(Information provided):

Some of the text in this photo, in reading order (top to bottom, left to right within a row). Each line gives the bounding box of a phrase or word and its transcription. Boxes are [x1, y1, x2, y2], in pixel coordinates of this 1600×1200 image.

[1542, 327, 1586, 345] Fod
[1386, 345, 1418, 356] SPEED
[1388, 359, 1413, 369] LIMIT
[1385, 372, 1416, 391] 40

(Work order): Could every entry be given again exactly, with no line skipped?

(Expected output):
Some of the text in this photo, in reading order (top to bottom, left to right within a row). Each line gives the bounding box of a phrase or word and its transcription. Boxes are [x1, y1, x2, y2], in pixel coordinates of this 1600×1200 image.

[1542, 327, 1586, 345] Fod
[1386, 345, 1418, 356] SPEED
[1388, 359, 1413, 369] LIMIT
[1385, 372, 1416, 391] 40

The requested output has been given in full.